Tari berdiri di tepi jalan, dia berada tepat di depan gerbang kompleksnya. Baru lima menit dia berdiri di sana, tapi dia sudah merasa bosan karena Yuda yang belum juga datang. Tari melirik jam tangannya. Padahal saat ini sudah melebihi jam delapan.
Karena merasa bosan dan haus. Tari memutuskan untuk membeli minuman di minimarket depan kompleks rumahnya. Tepat di seberang jalan. Tari melirik kanan kiri, jalan agak sepi. Jadi Tari memutuskan langsung menyebrang.
Tapi ada sebuah sepeda motor yang melaju sangat kencang di samping kanan Tari. Pengemudi sepeda motor itu terlalu cepat dan Tari tak bisa menghindarinya karena panik. Dia hanya berteriak sambil menutup matanya. Dan kejadian tersebut sangat cepat sekali.
Dua detik kemudian Tari membuka matanya.
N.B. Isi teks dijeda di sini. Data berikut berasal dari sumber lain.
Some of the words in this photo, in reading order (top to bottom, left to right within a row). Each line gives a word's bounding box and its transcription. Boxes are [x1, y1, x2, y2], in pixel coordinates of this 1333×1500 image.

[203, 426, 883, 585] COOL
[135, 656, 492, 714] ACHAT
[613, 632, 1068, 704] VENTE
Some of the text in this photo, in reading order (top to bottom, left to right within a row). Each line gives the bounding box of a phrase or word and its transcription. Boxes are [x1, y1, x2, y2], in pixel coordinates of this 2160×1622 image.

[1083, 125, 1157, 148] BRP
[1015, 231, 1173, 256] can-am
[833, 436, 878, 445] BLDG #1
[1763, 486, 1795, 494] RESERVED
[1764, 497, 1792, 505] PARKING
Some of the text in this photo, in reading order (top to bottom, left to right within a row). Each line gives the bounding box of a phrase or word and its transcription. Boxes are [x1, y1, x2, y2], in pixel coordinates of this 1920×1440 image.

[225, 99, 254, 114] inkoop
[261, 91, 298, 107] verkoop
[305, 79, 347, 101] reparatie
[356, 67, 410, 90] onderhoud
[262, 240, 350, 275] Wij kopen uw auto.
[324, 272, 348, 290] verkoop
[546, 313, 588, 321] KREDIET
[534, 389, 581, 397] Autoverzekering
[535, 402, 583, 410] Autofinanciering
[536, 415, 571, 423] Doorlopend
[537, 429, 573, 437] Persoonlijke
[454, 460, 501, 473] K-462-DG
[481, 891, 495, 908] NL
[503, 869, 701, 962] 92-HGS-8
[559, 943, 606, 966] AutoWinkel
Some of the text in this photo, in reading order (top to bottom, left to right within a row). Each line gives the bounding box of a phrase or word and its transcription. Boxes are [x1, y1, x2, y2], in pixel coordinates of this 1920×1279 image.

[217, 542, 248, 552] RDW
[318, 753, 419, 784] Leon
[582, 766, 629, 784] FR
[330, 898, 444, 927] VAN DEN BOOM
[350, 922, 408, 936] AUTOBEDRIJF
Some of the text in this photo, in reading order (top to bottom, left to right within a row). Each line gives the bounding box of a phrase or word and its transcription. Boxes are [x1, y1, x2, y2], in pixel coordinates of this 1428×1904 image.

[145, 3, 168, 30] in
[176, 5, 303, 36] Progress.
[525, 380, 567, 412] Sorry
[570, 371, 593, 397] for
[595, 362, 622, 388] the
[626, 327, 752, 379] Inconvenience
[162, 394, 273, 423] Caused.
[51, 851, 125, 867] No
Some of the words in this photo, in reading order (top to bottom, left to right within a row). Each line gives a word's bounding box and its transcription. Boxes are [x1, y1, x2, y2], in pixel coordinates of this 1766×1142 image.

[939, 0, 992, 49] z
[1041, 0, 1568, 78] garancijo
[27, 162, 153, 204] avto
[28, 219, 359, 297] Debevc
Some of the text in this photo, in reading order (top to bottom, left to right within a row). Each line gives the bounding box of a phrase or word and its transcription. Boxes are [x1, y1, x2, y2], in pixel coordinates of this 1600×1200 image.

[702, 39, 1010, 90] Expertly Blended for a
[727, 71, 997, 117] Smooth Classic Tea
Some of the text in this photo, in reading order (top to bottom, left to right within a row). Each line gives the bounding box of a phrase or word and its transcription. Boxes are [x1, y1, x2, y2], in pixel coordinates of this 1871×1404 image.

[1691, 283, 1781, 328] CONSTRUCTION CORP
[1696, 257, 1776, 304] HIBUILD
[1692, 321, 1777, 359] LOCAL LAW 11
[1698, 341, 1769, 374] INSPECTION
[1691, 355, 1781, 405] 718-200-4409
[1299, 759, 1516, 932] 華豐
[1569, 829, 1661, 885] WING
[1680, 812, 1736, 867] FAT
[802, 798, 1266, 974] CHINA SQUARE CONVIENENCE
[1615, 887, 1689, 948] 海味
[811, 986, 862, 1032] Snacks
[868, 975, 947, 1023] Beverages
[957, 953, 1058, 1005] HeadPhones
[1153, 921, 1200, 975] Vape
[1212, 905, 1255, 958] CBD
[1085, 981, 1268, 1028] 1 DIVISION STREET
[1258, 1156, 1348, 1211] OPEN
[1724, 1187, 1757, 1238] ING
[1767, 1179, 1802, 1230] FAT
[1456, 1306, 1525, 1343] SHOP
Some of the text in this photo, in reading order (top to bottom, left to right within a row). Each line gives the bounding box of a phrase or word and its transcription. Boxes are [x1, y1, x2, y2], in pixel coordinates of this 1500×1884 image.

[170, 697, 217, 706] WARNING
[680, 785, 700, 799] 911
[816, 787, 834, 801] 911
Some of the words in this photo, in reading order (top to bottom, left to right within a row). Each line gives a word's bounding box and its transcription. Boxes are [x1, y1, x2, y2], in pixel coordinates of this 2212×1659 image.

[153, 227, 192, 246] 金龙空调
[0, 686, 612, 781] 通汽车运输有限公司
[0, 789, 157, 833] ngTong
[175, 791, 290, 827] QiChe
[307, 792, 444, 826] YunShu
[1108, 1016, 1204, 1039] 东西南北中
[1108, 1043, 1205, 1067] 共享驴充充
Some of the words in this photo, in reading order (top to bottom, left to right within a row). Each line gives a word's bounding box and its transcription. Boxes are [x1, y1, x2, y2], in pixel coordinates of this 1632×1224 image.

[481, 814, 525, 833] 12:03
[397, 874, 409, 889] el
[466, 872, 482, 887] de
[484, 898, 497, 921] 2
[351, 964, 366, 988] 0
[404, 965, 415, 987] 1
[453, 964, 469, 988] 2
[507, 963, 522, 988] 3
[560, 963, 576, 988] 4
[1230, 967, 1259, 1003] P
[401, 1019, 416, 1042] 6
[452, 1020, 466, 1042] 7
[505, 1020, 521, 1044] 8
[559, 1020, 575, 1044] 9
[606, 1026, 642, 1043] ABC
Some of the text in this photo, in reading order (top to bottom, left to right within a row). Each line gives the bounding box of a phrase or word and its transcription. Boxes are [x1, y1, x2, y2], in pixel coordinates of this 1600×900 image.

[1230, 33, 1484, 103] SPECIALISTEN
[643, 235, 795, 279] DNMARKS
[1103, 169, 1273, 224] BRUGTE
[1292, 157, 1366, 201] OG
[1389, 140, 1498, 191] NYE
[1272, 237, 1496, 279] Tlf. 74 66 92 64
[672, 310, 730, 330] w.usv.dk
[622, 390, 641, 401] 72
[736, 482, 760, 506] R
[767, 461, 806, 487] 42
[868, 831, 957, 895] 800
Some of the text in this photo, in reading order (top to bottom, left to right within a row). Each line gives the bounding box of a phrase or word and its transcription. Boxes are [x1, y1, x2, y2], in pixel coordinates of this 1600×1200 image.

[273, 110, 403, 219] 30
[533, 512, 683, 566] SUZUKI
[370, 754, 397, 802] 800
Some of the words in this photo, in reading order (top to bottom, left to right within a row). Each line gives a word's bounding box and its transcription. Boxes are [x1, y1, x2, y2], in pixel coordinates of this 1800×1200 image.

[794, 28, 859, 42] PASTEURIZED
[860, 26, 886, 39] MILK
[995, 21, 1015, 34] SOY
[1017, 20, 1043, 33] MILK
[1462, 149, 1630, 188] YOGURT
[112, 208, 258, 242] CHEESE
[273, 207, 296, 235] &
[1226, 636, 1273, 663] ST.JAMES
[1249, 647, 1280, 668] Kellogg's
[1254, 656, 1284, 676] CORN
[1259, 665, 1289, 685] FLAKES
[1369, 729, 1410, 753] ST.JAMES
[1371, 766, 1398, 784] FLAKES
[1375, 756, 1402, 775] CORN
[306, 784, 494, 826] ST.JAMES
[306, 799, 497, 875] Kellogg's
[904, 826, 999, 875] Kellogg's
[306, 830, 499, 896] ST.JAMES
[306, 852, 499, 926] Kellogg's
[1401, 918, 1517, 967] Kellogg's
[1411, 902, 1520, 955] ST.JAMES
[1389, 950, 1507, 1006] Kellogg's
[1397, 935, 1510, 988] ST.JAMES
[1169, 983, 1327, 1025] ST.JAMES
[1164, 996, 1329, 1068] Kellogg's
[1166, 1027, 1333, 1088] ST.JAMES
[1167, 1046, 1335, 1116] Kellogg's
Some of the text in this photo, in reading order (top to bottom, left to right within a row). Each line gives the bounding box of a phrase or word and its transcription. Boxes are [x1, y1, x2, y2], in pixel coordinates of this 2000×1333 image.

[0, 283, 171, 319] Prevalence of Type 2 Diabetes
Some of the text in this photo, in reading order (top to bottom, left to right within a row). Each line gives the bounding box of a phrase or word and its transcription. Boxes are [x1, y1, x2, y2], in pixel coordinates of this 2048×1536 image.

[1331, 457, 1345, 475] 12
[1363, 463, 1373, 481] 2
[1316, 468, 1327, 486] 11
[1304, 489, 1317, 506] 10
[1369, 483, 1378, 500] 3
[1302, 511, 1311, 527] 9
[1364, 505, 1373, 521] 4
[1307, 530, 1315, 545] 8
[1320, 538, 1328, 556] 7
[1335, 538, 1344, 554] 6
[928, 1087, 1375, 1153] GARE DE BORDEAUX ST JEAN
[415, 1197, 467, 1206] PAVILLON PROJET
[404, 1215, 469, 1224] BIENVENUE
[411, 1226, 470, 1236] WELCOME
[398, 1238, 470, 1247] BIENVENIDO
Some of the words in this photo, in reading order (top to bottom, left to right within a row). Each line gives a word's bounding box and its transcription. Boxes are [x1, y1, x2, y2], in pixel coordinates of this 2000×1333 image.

Dia melihat dirinya masih berdiri di tempat yang sama dan dengan keadaan yang baik-baik saja. Akhirnya dia membuang napas lega. Tapi saat dia memandang ke depan. Dia melihat si pengemudi dan motornya terkapar di jalan.
"Astaga," teriak Tari.
Tari segera mendekat, si pengemudi tak bergerak. Tari mencari-cari apakah ada luka di tubuh orang itu. Namun, Tari tak dapat menemukannya Karena wajah si pengemudi masih tertutupi helm dan bagian lain tubuhnya terlihat baik-baik saja. Kecuali ada bagian dari jeans-nya sobek bagian dari gaya.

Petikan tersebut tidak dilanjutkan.